Fly Beijing to Chongqing, for a lecture at Institute of Advanced Study at Chongqing University and the starting point for the Yangtze River cruise. CQ was the wartime capital during the Sino-Japanese war.  It is now the largest city in China (33+ million) and has a blade-runner type feel with closely-built high towers of apartment and office buildings. It was surely once very beautiful,  hilly and part of it is an island in the middle of the Yangtze (lot of bridges). Many of those displaced by three gorges dam were relocated here. Real estate is cheaper here than in Beijing and Shanghai, but someone from the univ. told us she too was a 房奴, fangnu, or slave to the house (mortgage).

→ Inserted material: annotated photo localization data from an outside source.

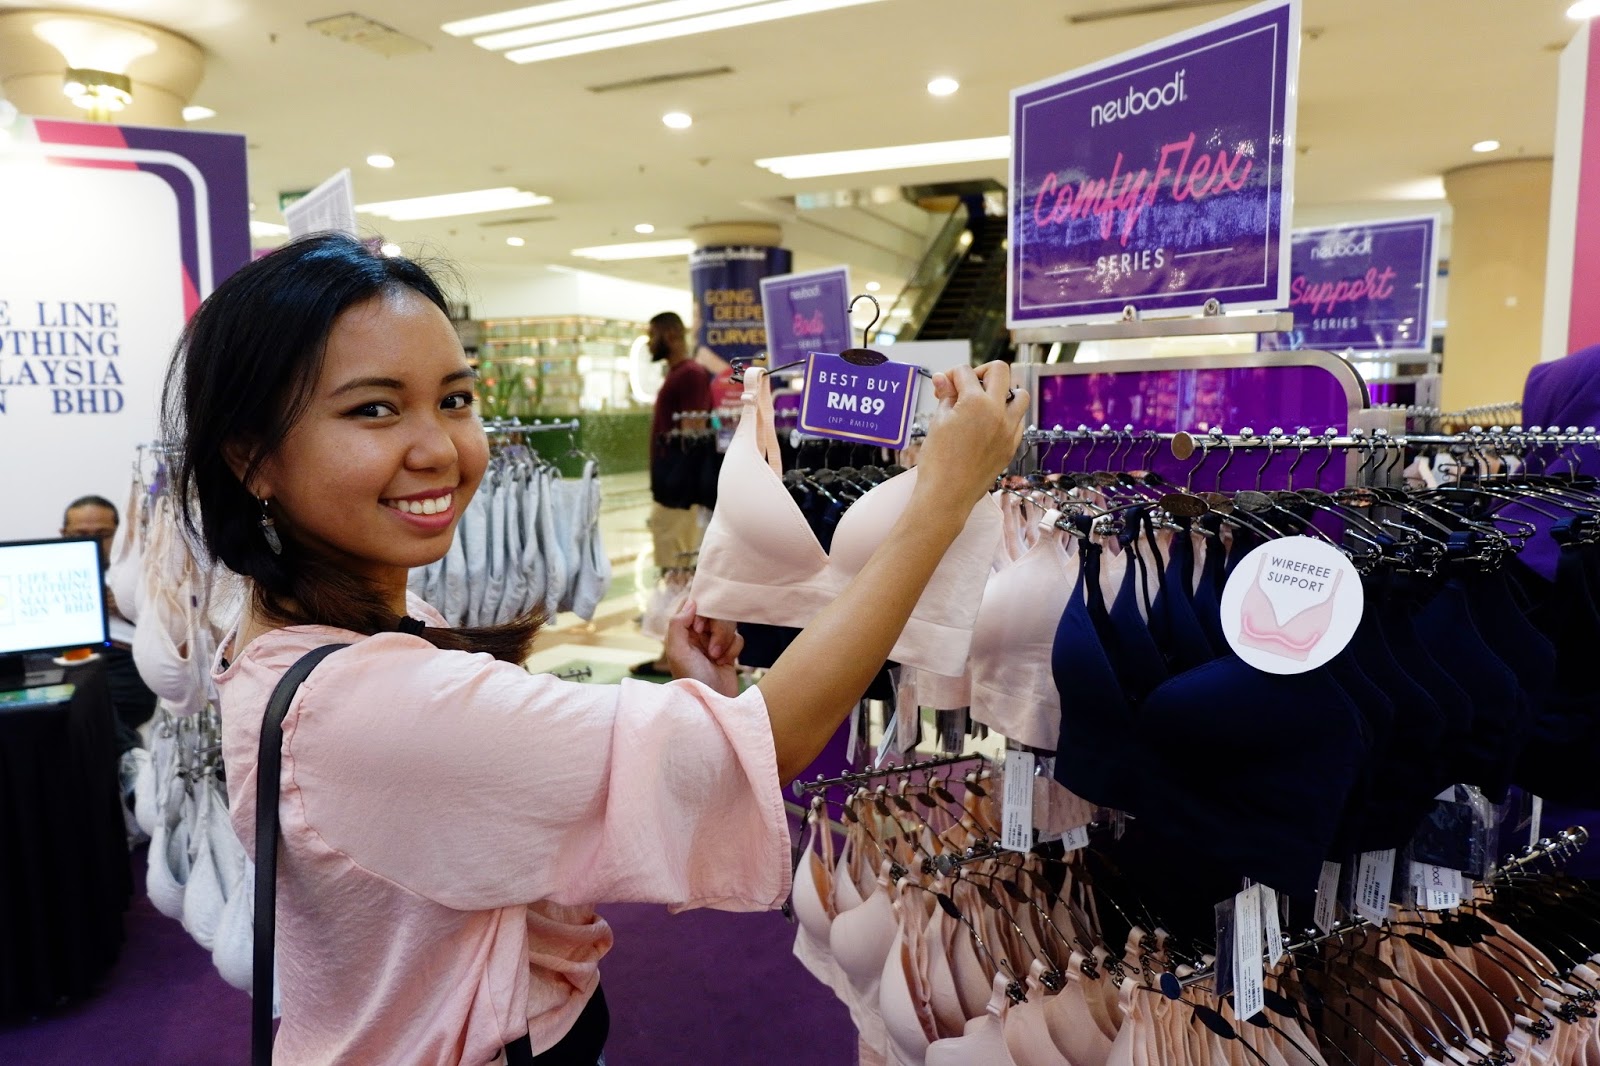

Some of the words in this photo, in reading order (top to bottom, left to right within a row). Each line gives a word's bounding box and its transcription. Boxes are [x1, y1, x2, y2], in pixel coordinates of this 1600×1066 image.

[1091, 68, 1187, 127] neubodi
[1033, 131, 1254, 247] ComfyFlex
[1311, 233, 1372, 260] neubodi
[1096, 248, 1164, 276] SERIES
[1290, 265, 1397, 316] Support
[37, 301, 119, 328] LINE
[1312, 317, 1358, 331] SERIES
[818, 371, 859, 388] BEST
[867, 378, 900, 394] BUY
[52, 388, 125, 415] BHD
[1271, 556, 1332, 579] WIREFREE
[1267, 571, 1325, 593] SUPPORT

Chongqing (Nan-an district) from our hotel


CQ is also hot -- one of China's three ovens (the others being Wuhan and Nanjing) When we arrived it was 99 degrees and the next day it was 104 degrees F.   Despite the heat we visited the Old City, built in Qing dynasty. It helps to carry an umbrella and to walk very, very slowly.



In the Old City there is a restored home of a high Qing official. In the study there are posters, "24 ways of filial piety."  Here, the filial son attracts the mosquitoes so the father may sleep undistured. Just sayin'.




A farmer walking through the Old Town with yangmei (楊梅), aka Chinese bayberry. We discovered this fruit in Beijing. Deep red, texture a little like a strawberry, at once tangy and sweet. Really delicious; I've never seen it in USA, though apparently the juice is sometimes marketed as "yumberry."  (See link left for more info.)  We are also enjoying dragonfruit, mangosteen, lichee (large and juicy, not like pathetic ones sold in USA Chinatowns) and of course, Chinese people's favorite, watermelon.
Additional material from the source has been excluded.